Figure 1. Tracks of all June tropical storms and hurricanes, 1851 - 2007.

Sea Surface Temperatures
Sea Surface Temperatures (SSTs) are close to average over the tropical Atlantic between Africa and Central America this year (Figure 2). These temperatures are some of the coolest we've seen since 1995, when the current active hurricane period began. This year's cool SSTs should prevent a repeat of the unforgettable Hurricane Season of 2005, which had the highest SSTs on record in the tropical Atlantic. Note also that SSTs along the Equatorial Pacific off the coast of South America are quite a bit above average, signaling the possible start of an El Niño episode. As I discussed in Friday's post, odds are increasing for a weak El Niño to form in time for hurricane season, and this should cut down on the number and intensity of Atlantic tropical storms and hurricanes this year. However, if an El Niño is developing, it shouldn't start affecting Atlantic hurricane activity until August.

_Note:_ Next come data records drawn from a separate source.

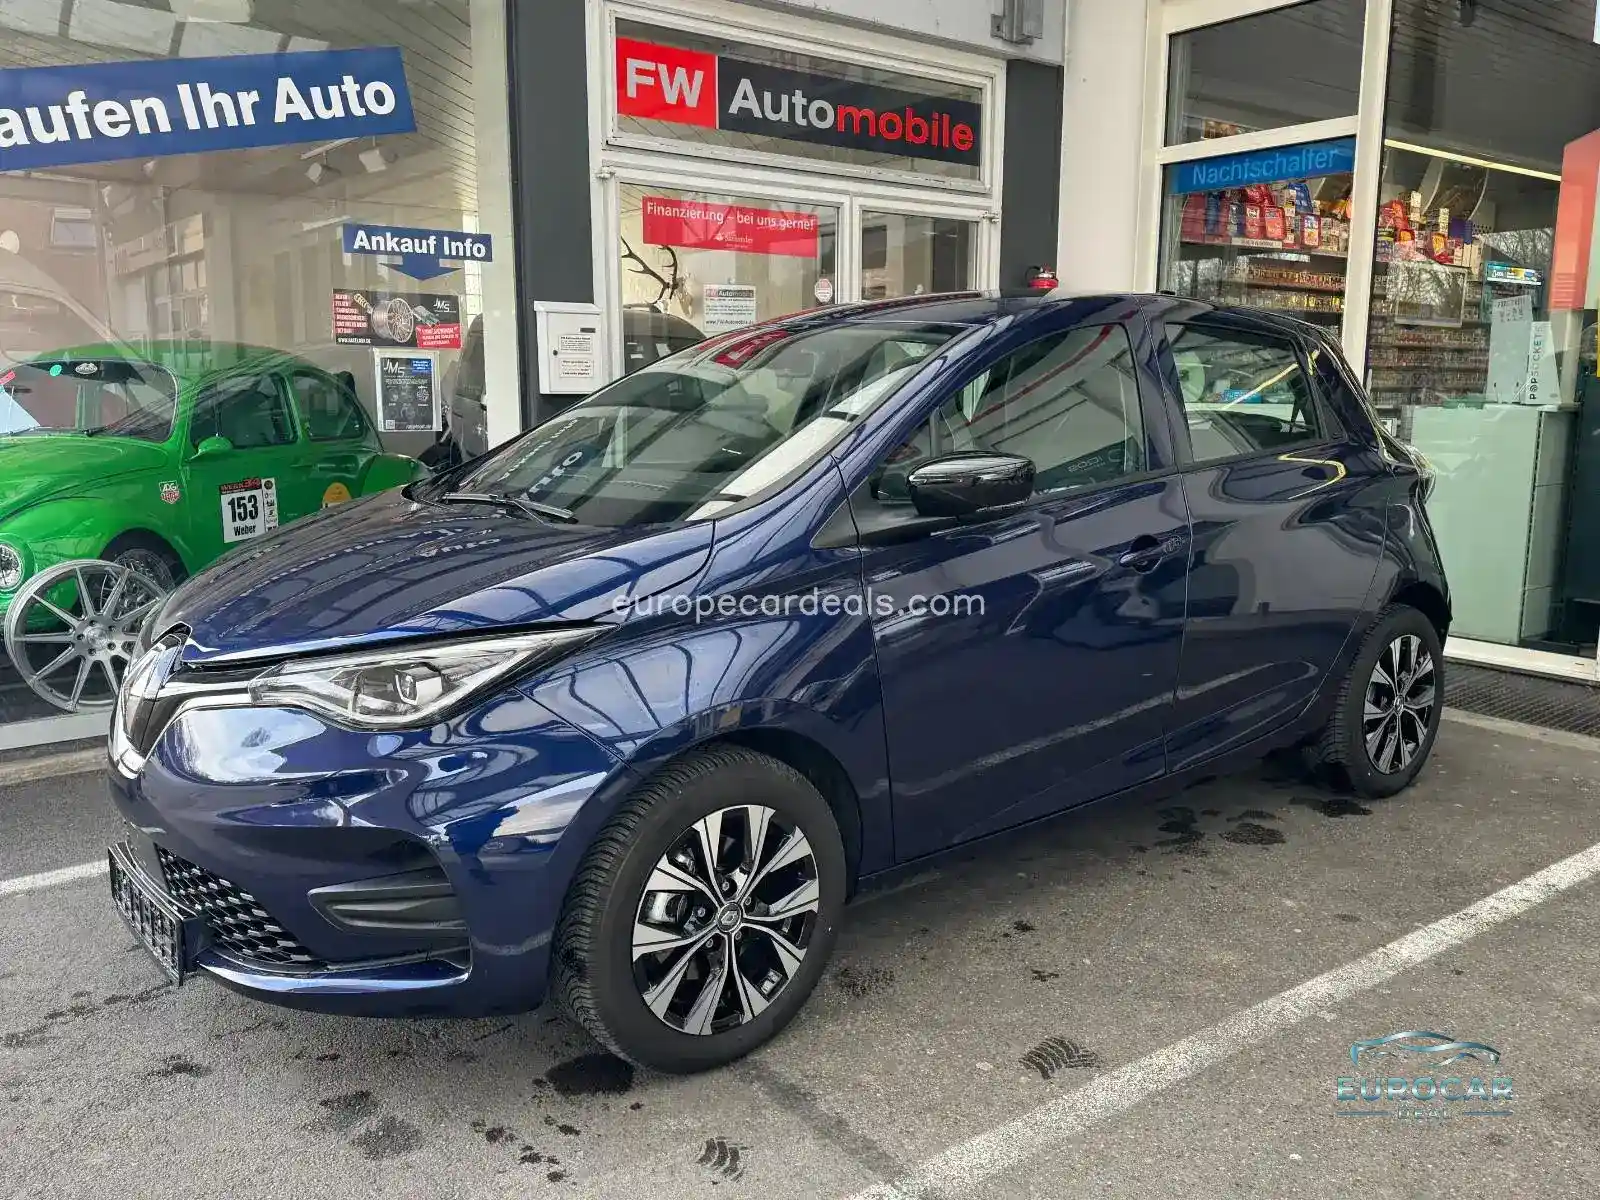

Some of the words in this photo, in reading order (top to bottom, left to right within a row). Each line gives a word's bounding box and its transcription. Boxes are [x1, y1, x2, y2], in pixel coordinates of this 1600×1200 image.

[0, 90, 171, 148] aufen
[177, 81, 259, 131] Ihr
[274, 75, 396, 123] Auto
[626, 57, 704, 108] FW
[728, 78, 975, 151] Automobile
[1193, 148, 1338, 185] Nachtschalter
[647, 202, 724, 225] Finanzierung
[737, 211, 754, 226] bei
[757, 215, 776, 228] uns
[776, 217, 815, 231] gerne!
[353, 229, 436, 254] Ankauf
[443, 236, 486, 258] Info
[227, 494, 259, 522] 153
[233, 525, 257, 536] Weber

Typically, June storms only form over the Gulf of Mexico, Western Caribbean, and Gulf Stream waters just offshore Florida, where water temperatures are warmest. SSTs are 26 - 28°C in these regions, which is about 0.5°C above average for this time of year. June storms typically form when a cold front moves off the U.S. coast and stalls out, with the old frontal boundary serving as a focal point for development of a tropical disturbance. African tropical waves, which serve as the instigators of about 85% of all major hurricanes, are usually too far south in June to trigger tropical storm formation. Every so often, a tropical wave coming off the coast of Africa moves far enough north to act as a seed for a June tropical storm. This was the case for Arthur of 2008 (which also had major help from the spinning remnants of the Eastern Pacific's Tropical Storm Alma). Another way to get Atlantic June storms is for a disturbed weather area in the Eastern Pacific Intertropical Convergence Zone (ITCZ) to push north into the Western Caribbean and spawn a storm there. This was the case for Tropical Storm Alberto of 2006 (which may have also had help from an African wave). SSTs are too cold in June to allow storms to develop between the coast of Africa and the Lesser Antilles Islands--there has only been once such development in the historical record--Ana of 1979, which coincidentally will be the name given to this year's first storm.

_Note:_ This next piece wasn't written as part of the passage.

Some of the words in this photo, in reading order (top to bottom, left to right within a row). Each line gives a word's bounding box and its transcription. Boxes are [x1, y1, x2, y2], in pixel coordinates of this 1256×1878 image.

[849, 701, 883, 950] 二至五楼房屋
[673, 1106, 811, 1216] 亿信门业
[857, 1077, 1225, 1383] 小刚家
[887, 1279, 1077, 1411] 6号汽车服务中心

Figure 2. Sea Surface Temperature (SST) departure from average for June 1, 2009. SSTs were near average over the tropical Atlantic. Note the large region of above average SSTs along the Equatorial Pacific off the coast of South America, signaling the possible start of an El Niño episode. Image credit: NOAA/NESDIS.

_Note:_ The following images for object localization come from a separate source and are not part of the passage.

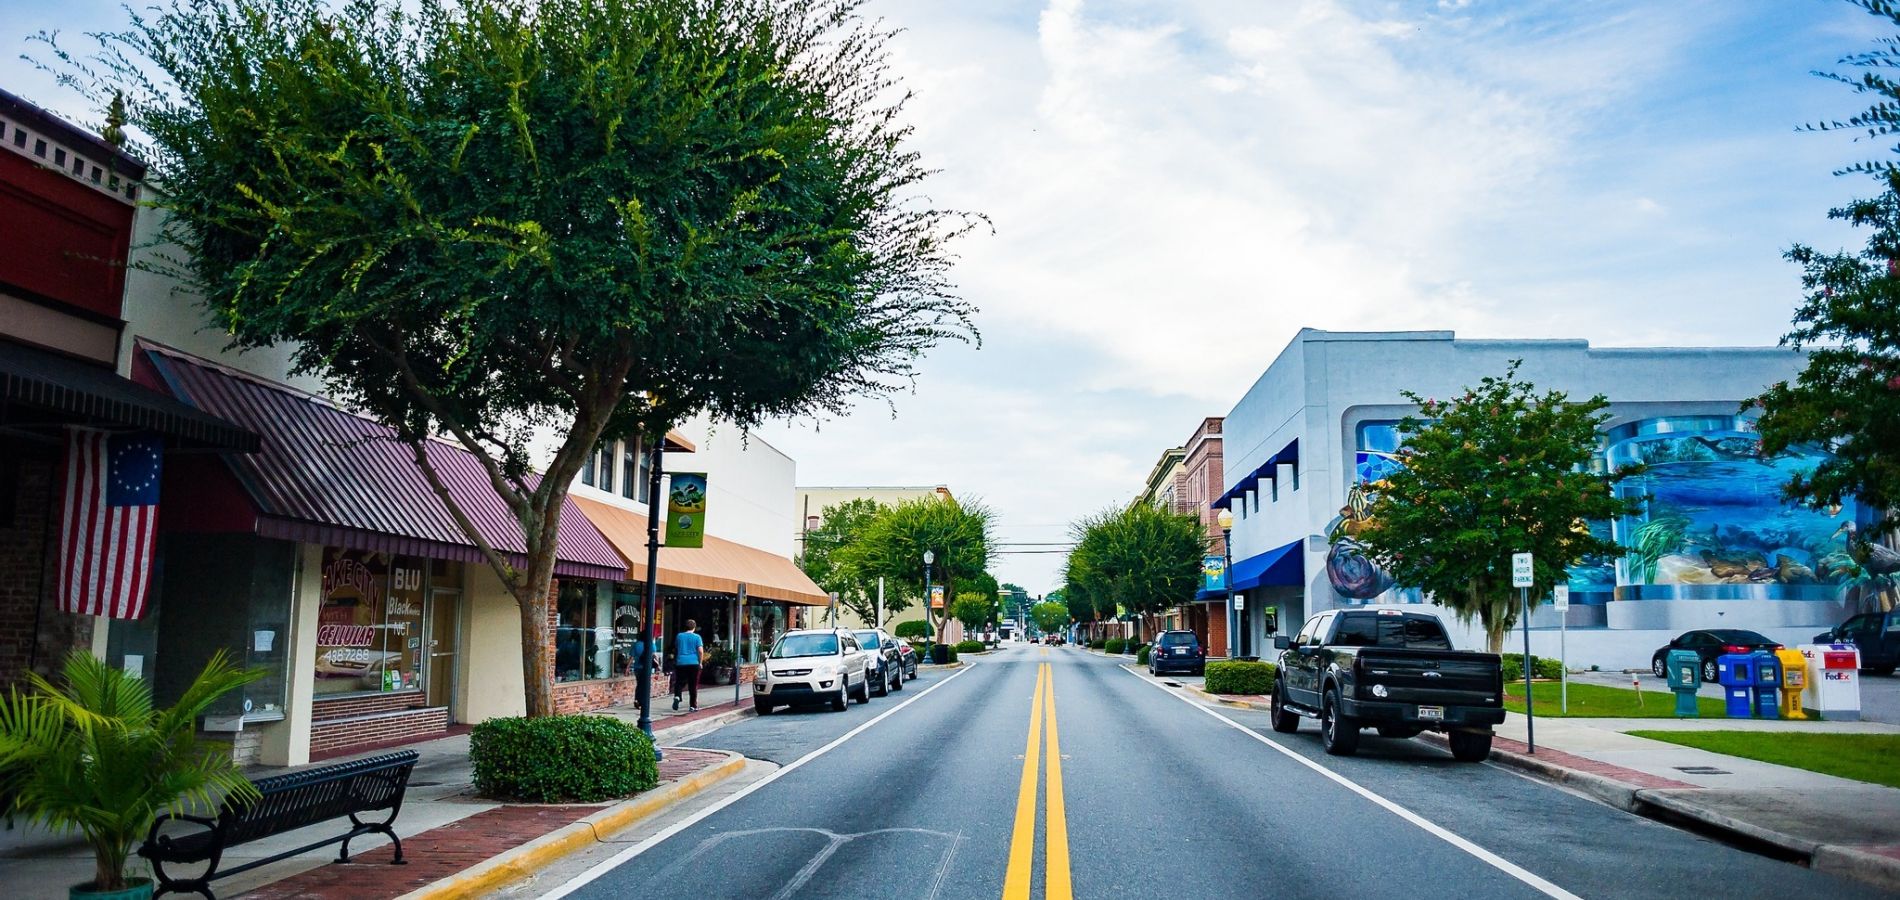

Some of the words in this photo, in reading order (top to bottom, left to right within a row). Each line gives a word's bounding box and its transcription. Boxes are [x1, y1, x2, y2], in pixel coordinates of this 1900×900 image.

[395, 567, 420, 591] BLU
[352, 562, 379, 625] CITY
[317, 624, 375, 646] CELLULAR
[617, 626, 627, 634] Mini
[628, 626, 638, 634] Mall
[1825, 671, 1849, 680] FedEx
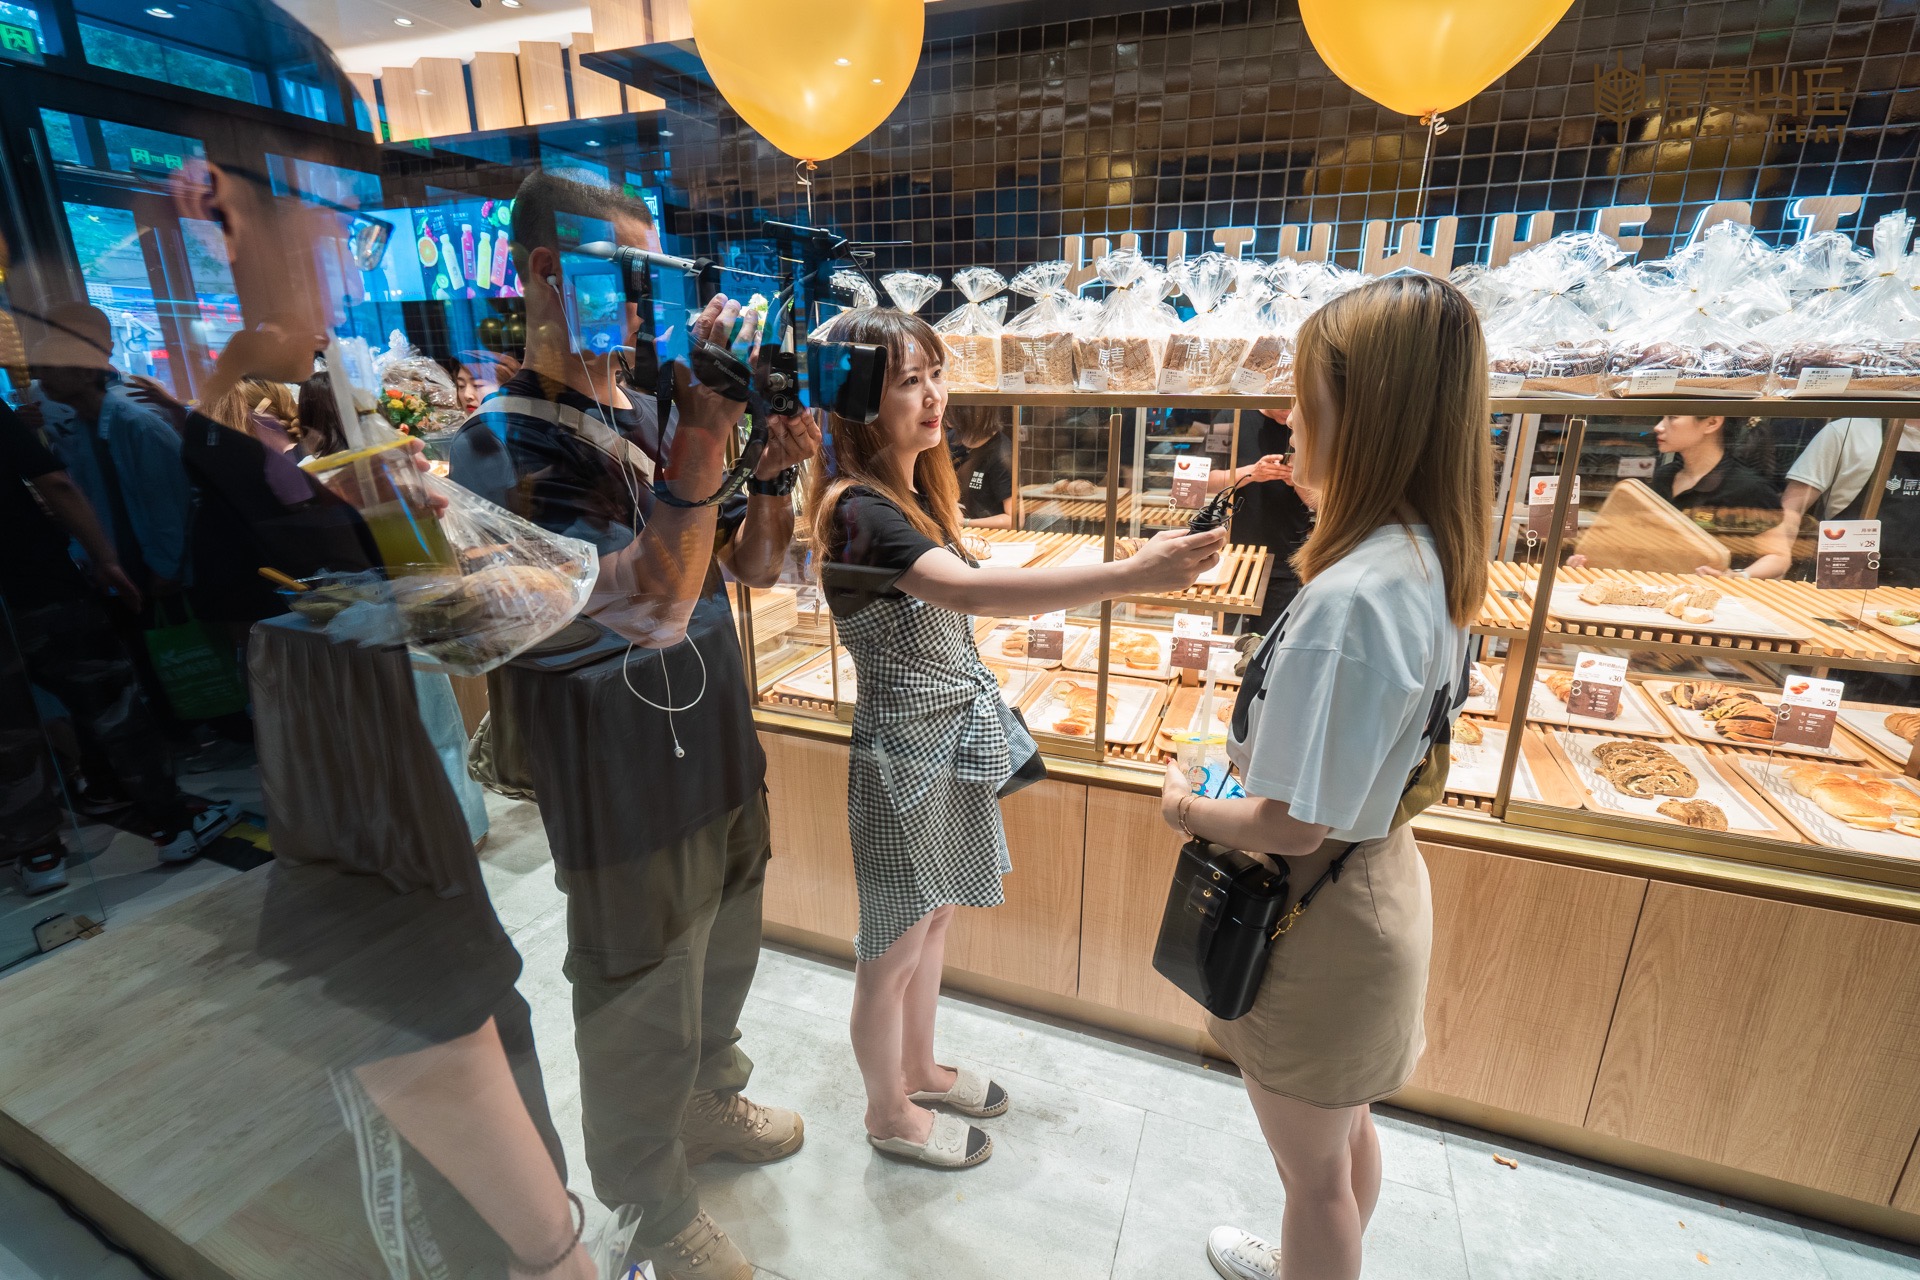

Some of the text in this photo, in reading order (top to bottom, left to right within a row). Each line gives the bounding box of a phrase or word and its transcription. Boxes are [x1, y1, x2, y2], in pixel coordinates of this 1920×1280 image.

[1655, 66, 1848, 117] 原麦山丘
[713, 359, 748, 386] Panasonic

Tropical Cyclone Heat Potential
It's not just the SSTs that are important for hurricanes, it's also the total amount of heat in the ocean to a depth of about 150 meters. Hurricanes stir up water from down deep due to their high winds, so a shallow layer of warm water isn't as beneficial to a hurricane as a deep one. The Tropical Cyclone Heat Potential (TCHP, Figure 3) is a measure of this total heat content. A high TCHP over 80 is very beneficial to rapid intensification. As we can see, the heat energy available in the tropical Atlantic has declined considerably since 2005, when the highest SSTs ever measured in the tropical Atlantic occurred. TCHP this year is similar to last year's levels, which were high enough to support five major hurricanes.


Figure 3. Tropical Cyclone Heat Potential (TCHP) for May 31 2005 (top), May 31 of last year (middle) and May 30 2009 (bottom). TCHP is a measure of the total heat energy available in the ocean. Record high values of TCHP were observed in 2005. TCHP this year is much lower, and similar to last year. Image credit: NOAA/AOML.

Wind shear
Wind shear is usually defined as the difference in wind between 200 mb (roughly 40,000 foot altitude) and 850 mb (roughly 5,000 foot altitude). In most circumstances, wind shear above 20 knots will act to inhibit tropical storm formation. Wind shear below 12 knots is very conducive for tropical storm formation. High wind shear acts to tear a storm apart. The jet stream's band of strong high-altitude winds is the main source of wind shear in June over the Atlantic hurricane breeding grounds, since the jet is very active and located quite far south this time of year.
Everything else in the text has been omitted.